(Spatial localization data)
╭──
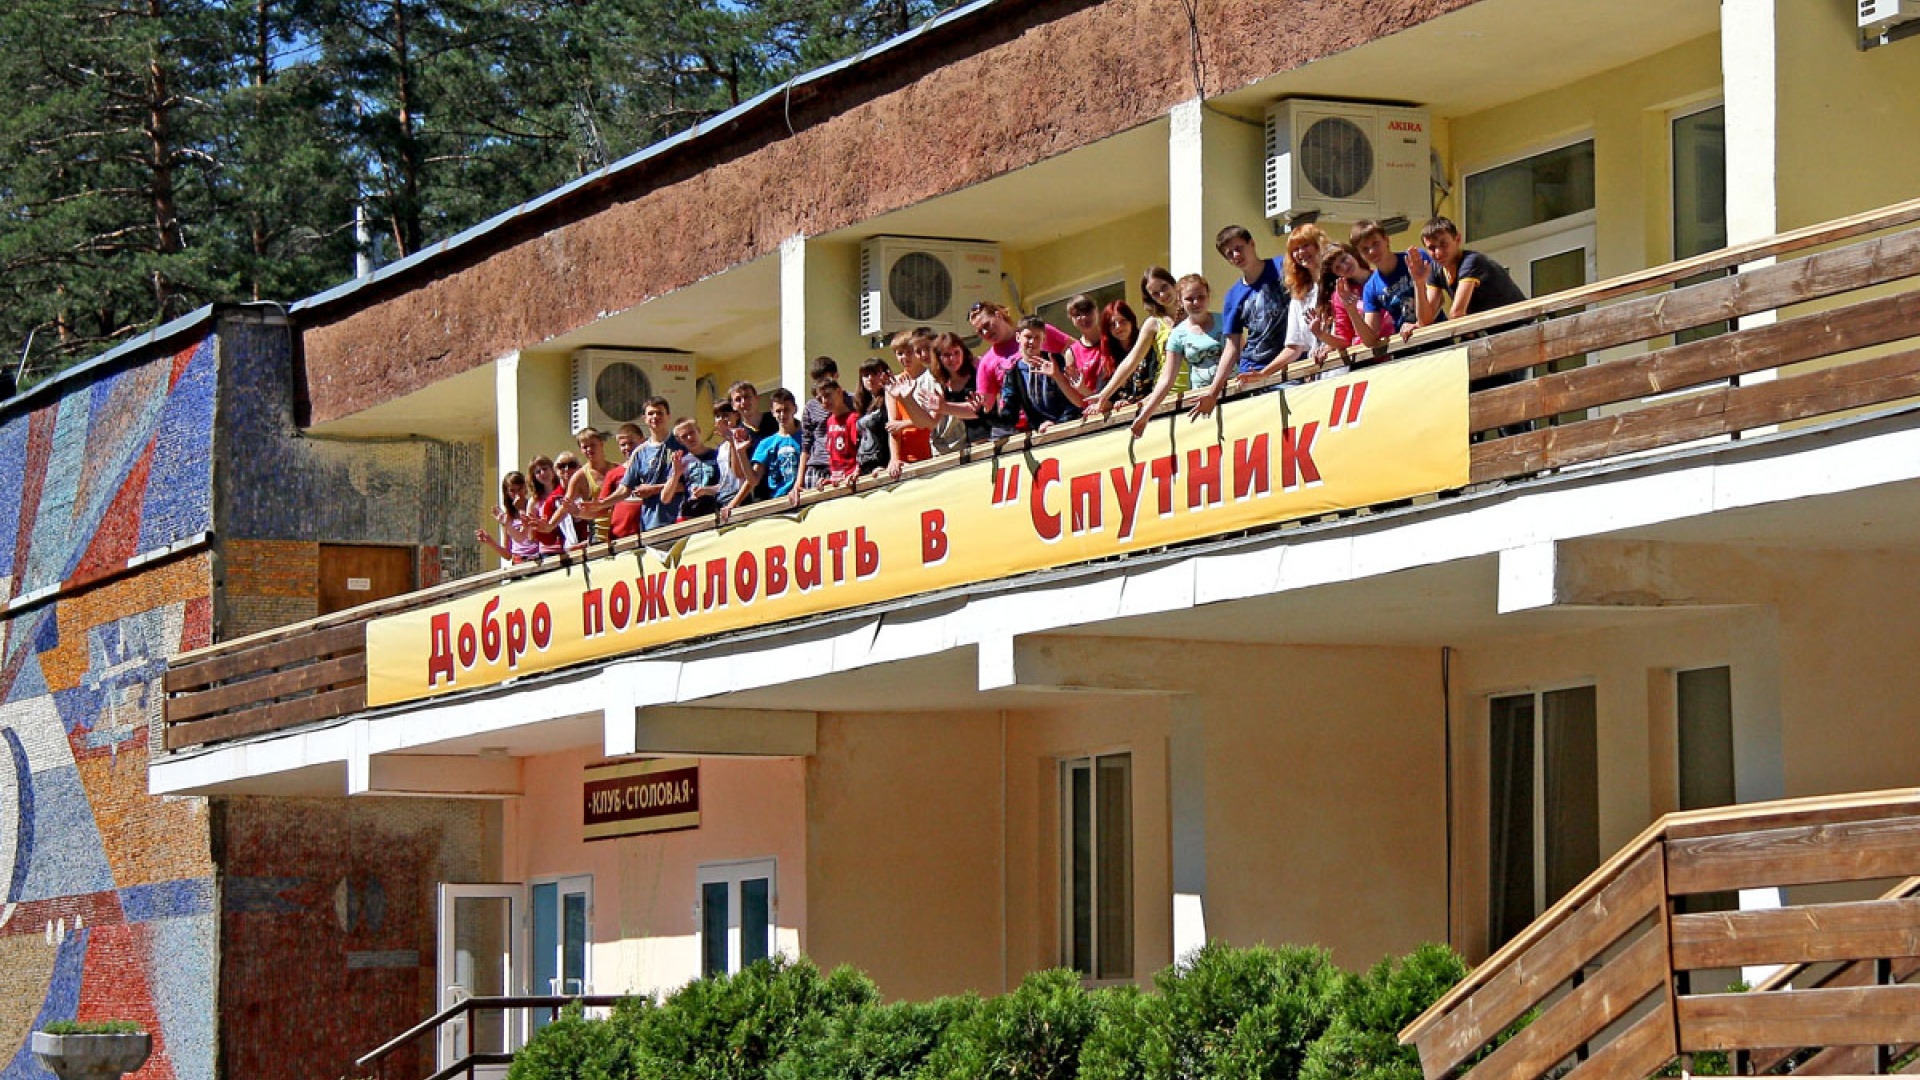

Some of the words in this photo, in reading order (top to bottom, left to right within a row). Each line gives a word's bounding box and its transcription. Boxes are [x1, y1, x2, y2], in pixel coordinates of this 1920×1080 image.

[1387, 121, 1422, 132] AKIRA
[429, 596, 551, 687] Добро
[583, 526, 880, 636] пожаловать
[921, 509, 949, 565] в
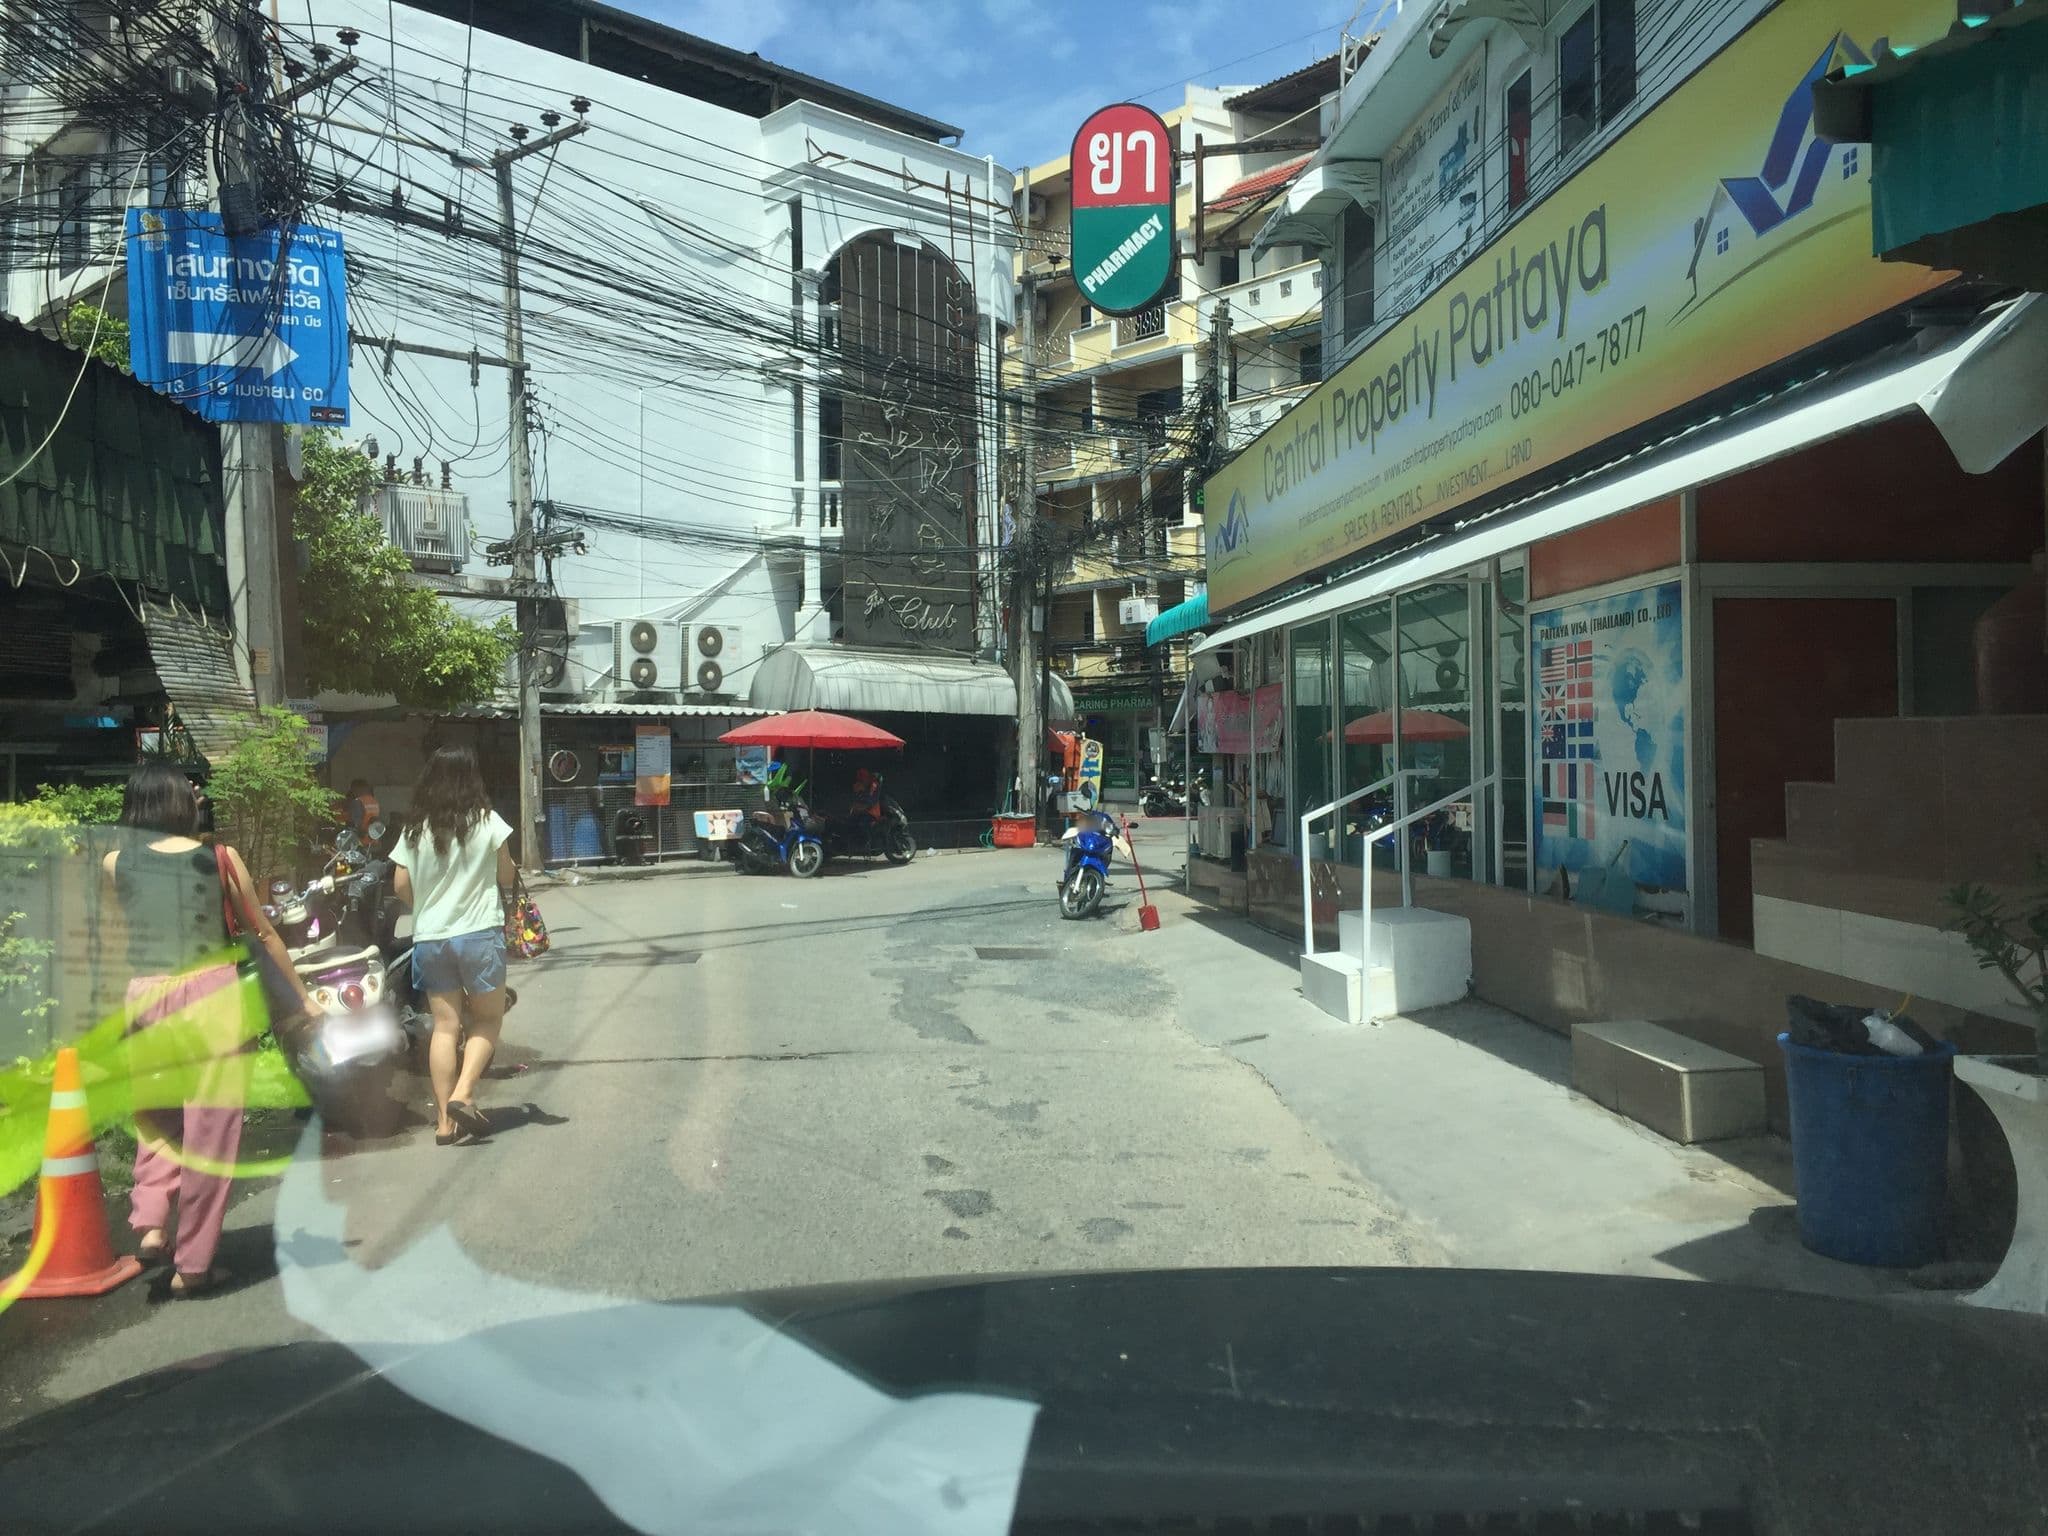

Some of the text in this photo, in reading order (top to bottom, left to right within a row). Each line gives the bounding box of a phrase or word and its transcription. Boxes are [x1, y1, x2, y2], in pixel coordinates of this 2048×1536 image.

[1089, 130, 1156, 195] ยา
[1082, 212, 1164, 294] PHARMACY
[1263, 412, 1325, 503] Central
[1333, 329, 1439, 454] Property
[1449, 203, 1608, 383] Pattaya
[1510, 306, 1647, 420] 080-047-7877
[302, 387, 324, 401] 60
[1344, 511, 1369, 546] SALES
[1540, 624, 1569, 641] PATTAYA
[1571, 621, 1588, 636] VISA
[1590, 611, 1635, 635] (THAILAND)
[1073, 697, 1153, 710] CARING PHARMA
[1604, 771, 1669, 821] VISA
╰──
▶ [Work task]
All of the entries above are to be restated word for word, minus the images.

▶ [Reply to the exercise]
Some of the words in this photo, in reading order (top to bottom, left to right within a row). Each line gives a word's bounding box and its transcription. Boxes are [x1, y1, x2, y2], in pixel coordinates of this 1920×1080 image.

[1387, 121, 1422, 132] AKIRA
[429, 596, 551, 687] Добро
[583, 526, 880, 636] пожаловать
[921, 509, 949, 565] в

Some of the text in this photo, in reading order (top to bottom, left to right within a row). Each line gives the bounding box of a phrase or word and its transcription. Boxes are [x1, y1, x2, y2], in pixel coordinates of this 2048×1536 image.

[1089, 130, 1156, 195] ยา
[1082, 212, 1164, 294] PHARMACY
[1263, 412, 1325, 503] Central
[1333, 329, 1439, 454] Property
[1449, 203, 1608, 383] Pattaya
[1510, 306, 1647, 420] 080-047-7877
[302, 387, 324, 401] 60
[1344, 511, 1369, 546] SALES
[1540, 624, 1569, 641] PATTAYA
[1571, 621, 1588, 636] VISA
[1590, 611, 1635, 635] (THAILAND)
[1073, 697, 1153, 710] CARING PHARMA
[1604, 771, 1669, 821] VISA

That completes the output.